** EXERCISE DIRECTIONS **
In your copy of the data, omit the pictures and keep all else exactly as given.

- Opening Delimiter -

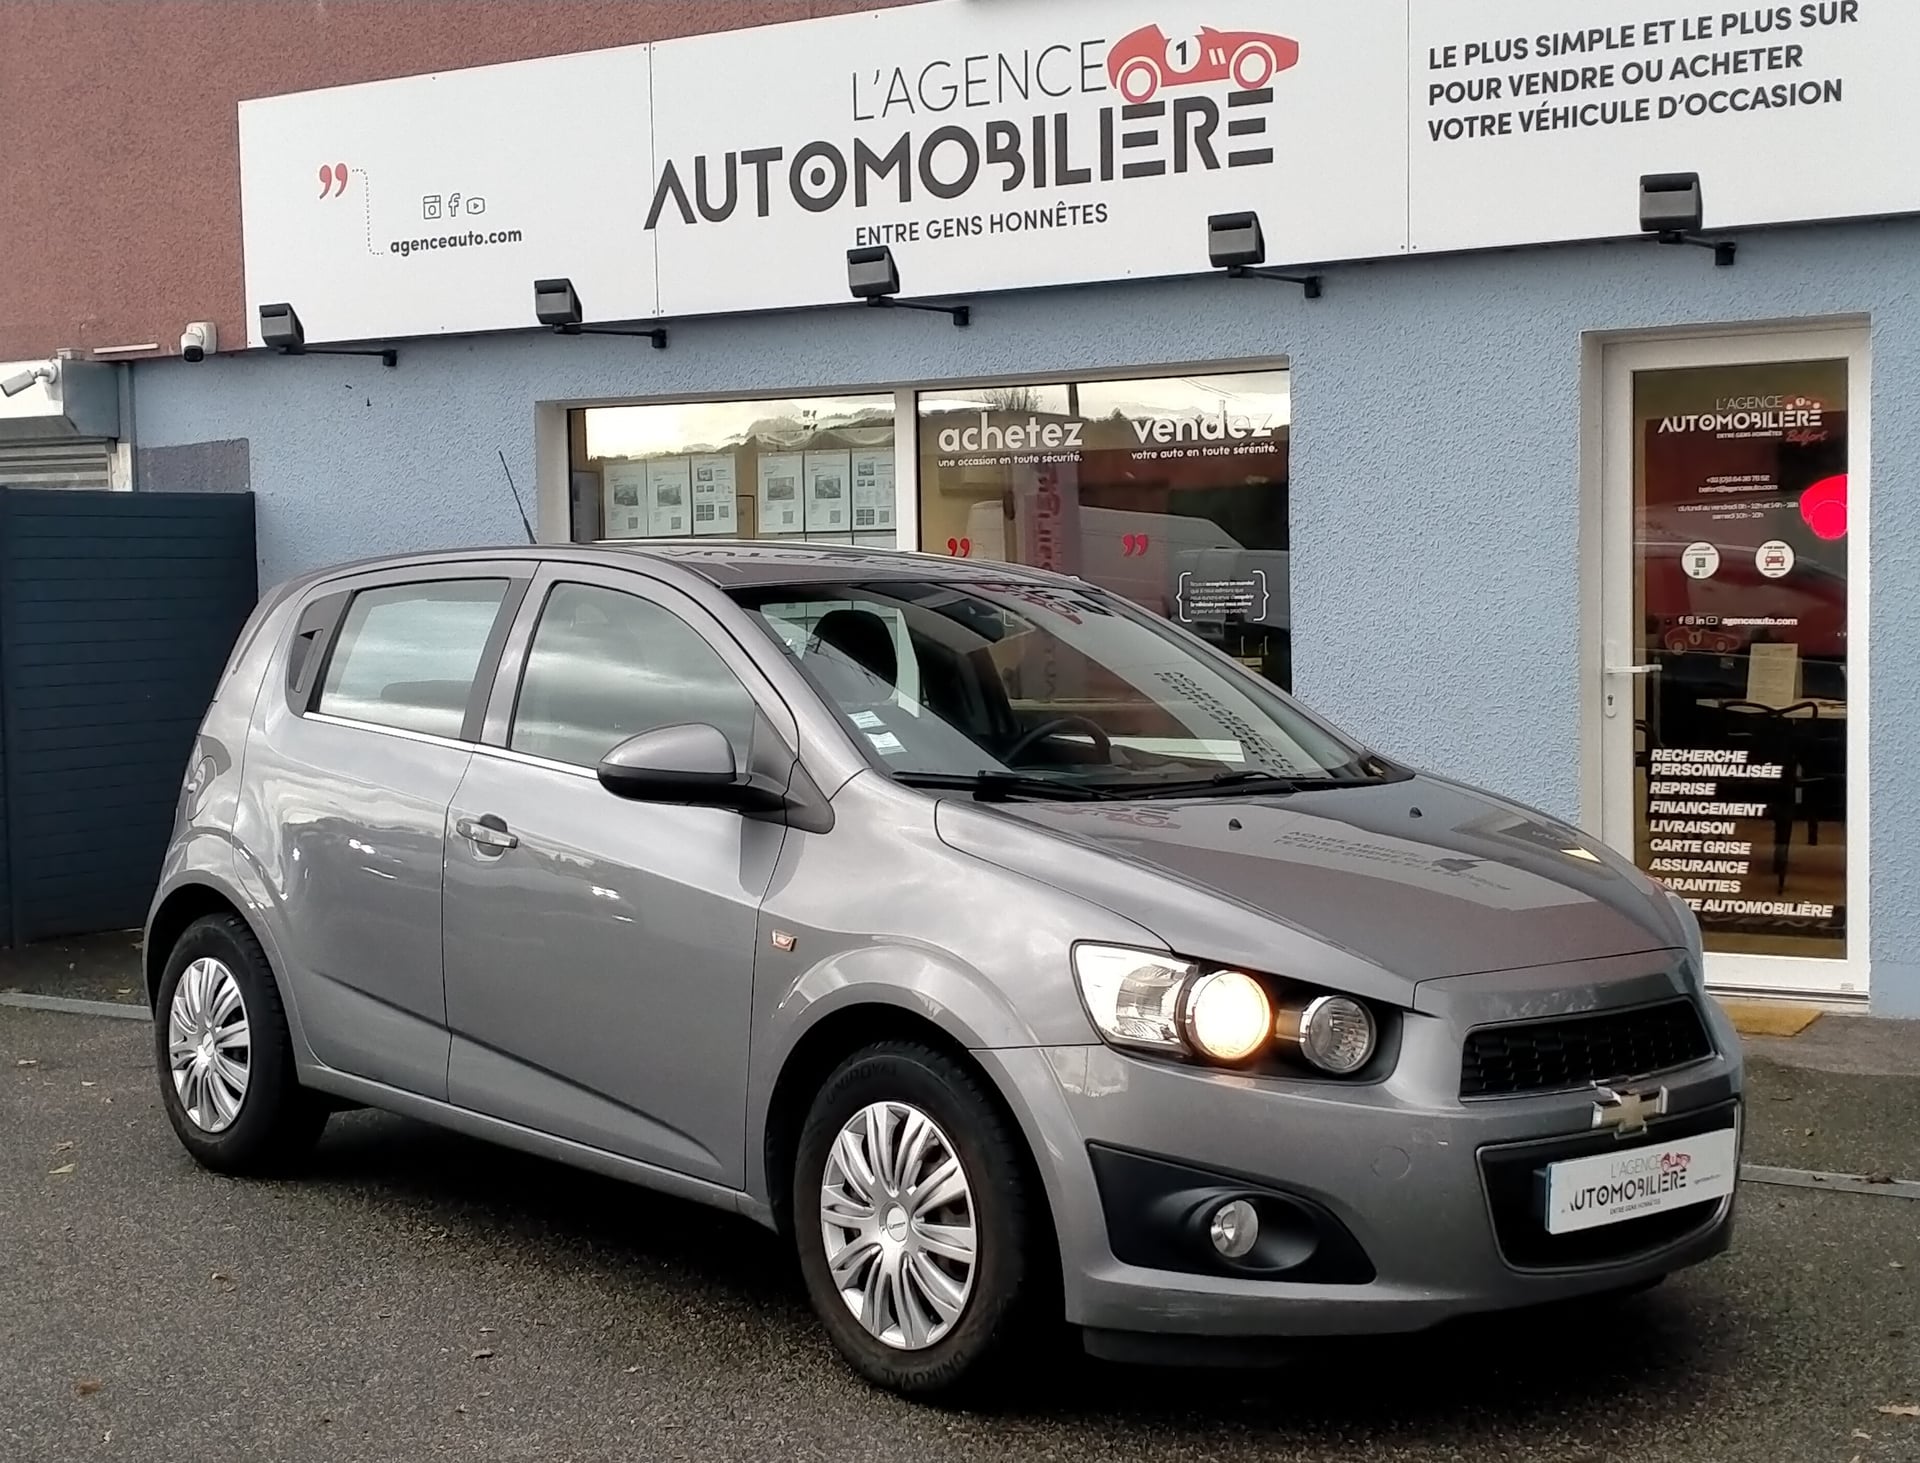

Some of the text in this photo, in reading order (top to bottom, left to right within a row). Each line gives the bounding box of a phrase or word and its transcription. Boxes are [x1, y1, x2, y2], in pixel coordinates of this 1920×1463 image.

[1429, 0, 1859, 70] LE PLUS SIMPLE ET LE PLUS SUR
[852, 38, 1107, 122] L'AGENCE
[1429, 43, 1803, 106] POUR VENDRE OU ACHETER
[1428, 78, 1843, 143] VOTRE VÉHICULE D'OCCASION
[855, 200, 1109, 247] ENTRE GENS HONNÊTES
[390, 227, 523, 257] agenceauto.com
[1131, 400, 1273, 444] vendez
[938, 411, 1083, 452] achetez
[938, 458, 956, 467] une
[958, 454, 997, 466] occasion
[1000, 456, 1011, 465] en
[1013, 454, 1040, 464] toute
[1131, 450, 1158, 460] votre
[1160, 448, 1184, 459] auto
[1187, 448, 1200, 457] en
[1202, 446, 1231, 457] toute
[1650, 748, 1749, 763] RECHERCHE
[1650, 762, 1784, 778] PERSONNALISÉE
[1649, 781, 1717, 796] REPRISE
[1649, 801, 1767, 817] FINANCEMENT
[1650, 819, 1736, 835] LIVRAISON
[1650, 838, 1752, 855] CARTE GRISE
[1649, 858, 1750, 875] ASSURANCE
[1654, 876, 1742, 893] ARANTIES
[1703, 898, 1834, 918] AUTOMOBILIÈRE
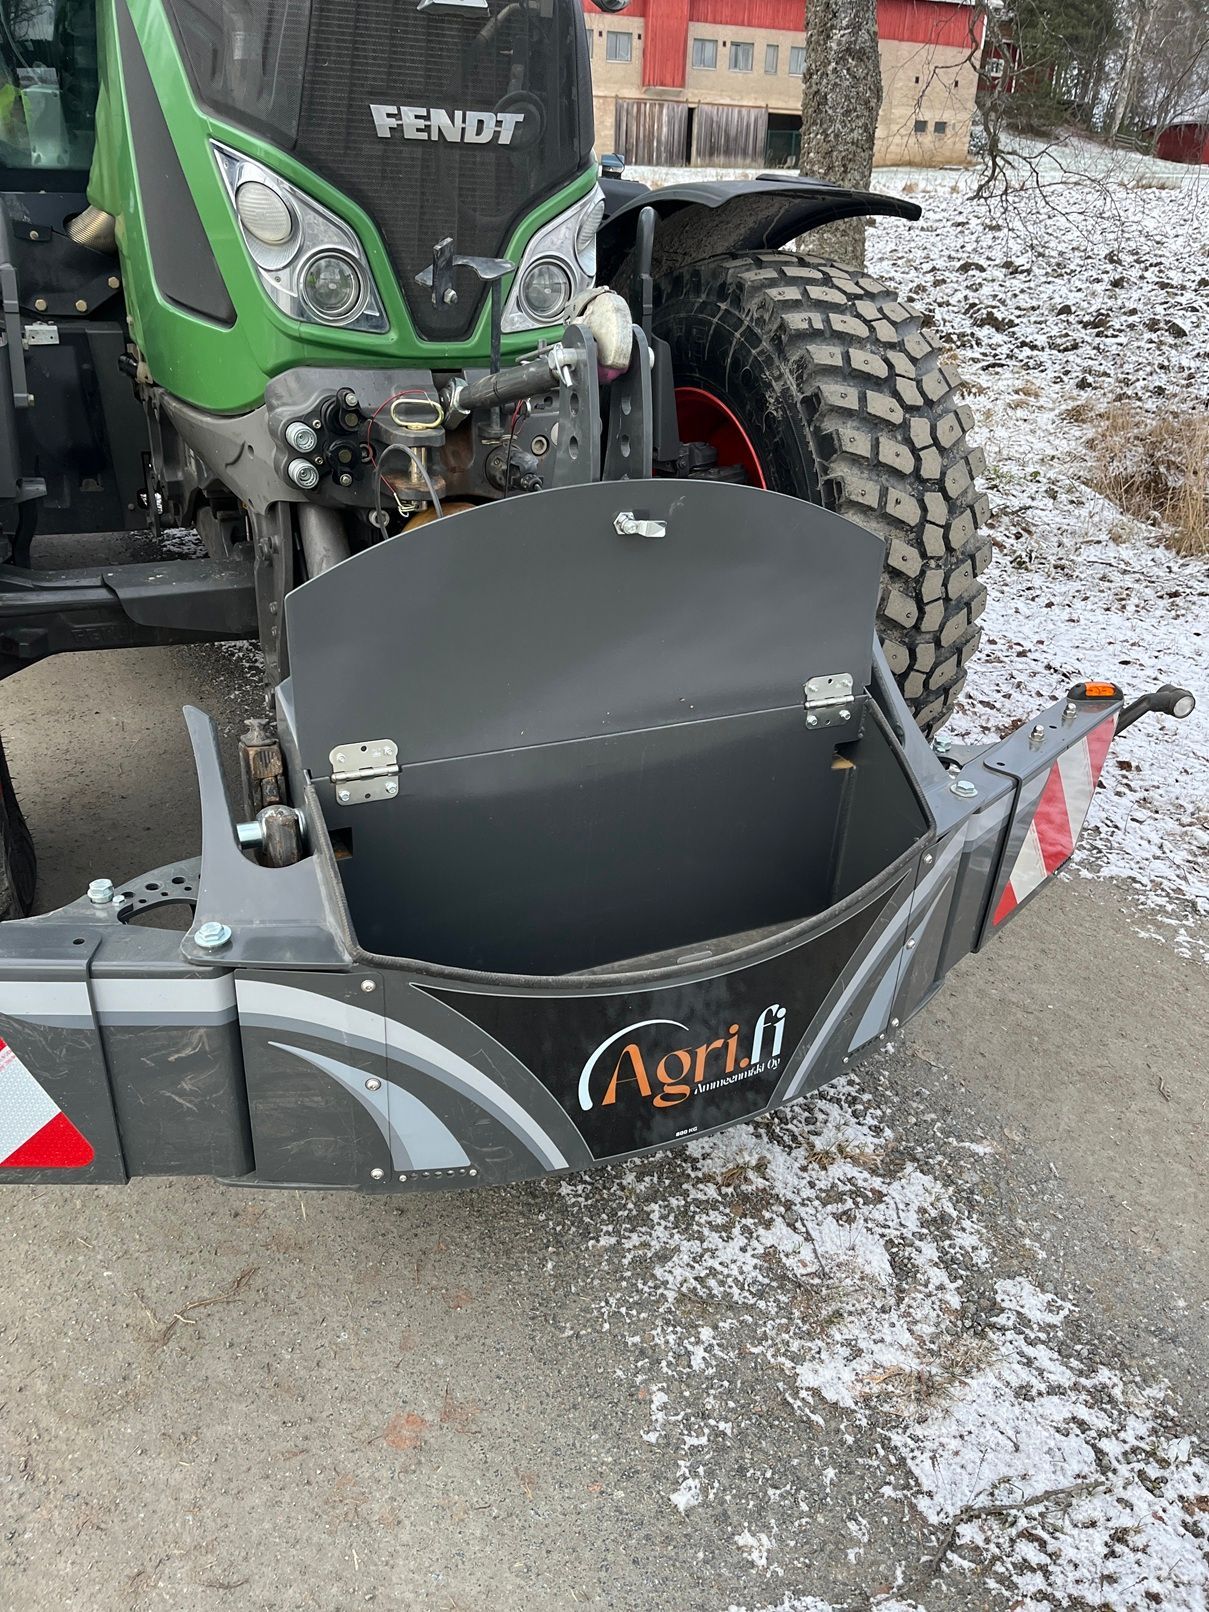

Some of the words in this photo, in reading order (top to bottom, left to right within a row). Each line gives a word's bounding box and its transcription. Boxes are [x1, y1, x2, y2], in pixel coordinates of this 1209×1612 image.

[369, 104, 525, 145] FENDT
[601, 1003, 787, 1108] Agri.fi
[766, 1058, 781, 1070] Oy

- Closing Delimiter -

** REPLY TO THE EXERCISE **
Some of the text in this photo, in reading order (top to bottom, left to right within a row). Each line gives the bounding box of a phrase or word and its transcription. Boxes are [x1, y1, x2, y2], in pixel coordinates of this 1920×1463 image.

[1429, 0, 1859, 70] LE PLUS SIMPLE ET LE PLUS SUR
[852, 38, 1107, 122] L'AGENCE
[1429, 43, 1803, 106] POUR VENDRE OU ACHETER
[1428, 78, 1843, 143] VOTRE VÉHICULE D'OCCASION
[855, 200, 1109, 247] ENTRE GENS HONNÊTES
[390, 227, 523, 257] agenceauto.com
[1131, 400, 1273, 444] vendez
[938, 411, 1083, 452] achetez
[938, 458, 956, 467] une
[958, 454, 997, 466] occasion
[1000, 456, 1011, 465] en
[1013, 454, 1040, 464] toute
[1131, 450, 1158, 460] votre
[1160, 448, 1184, 459] auto
[1187, 448, 1200, 457] en
[1202, 446, 1231, 457] toute
[1650, 748, 1749, 763] RECHERCHE
[1650, 762, 1784, 778] PERSONNALISÉE
[1649, 781, 1717, 796] REPRISE
[1649, 801, 1767, 817] FINANCEMENT
[1650, 819, 1736, 835] LIVRAISON
[1650, 838, 1752, 855] CARTE GRISE
[1649, 858, 1750, 875] ASSURANCE
[1654, 876, 1742, 893] ARANTIES
[1703, 898, 1834, 918] AUTOMOBILIÈRE

Some of the words in this photo, in reading order (top to bottom, left to right within a row). Each line gives a word's bounding box and its transcription. Boxes are [x1, y1, x2, y2], in pixel coordinates of this 1209×1612 image.

[369, 104, 525, 145] FENDT
[601, 1003, 787, 1108] Agri.fi
[766, 1058, 781, 1070] Oy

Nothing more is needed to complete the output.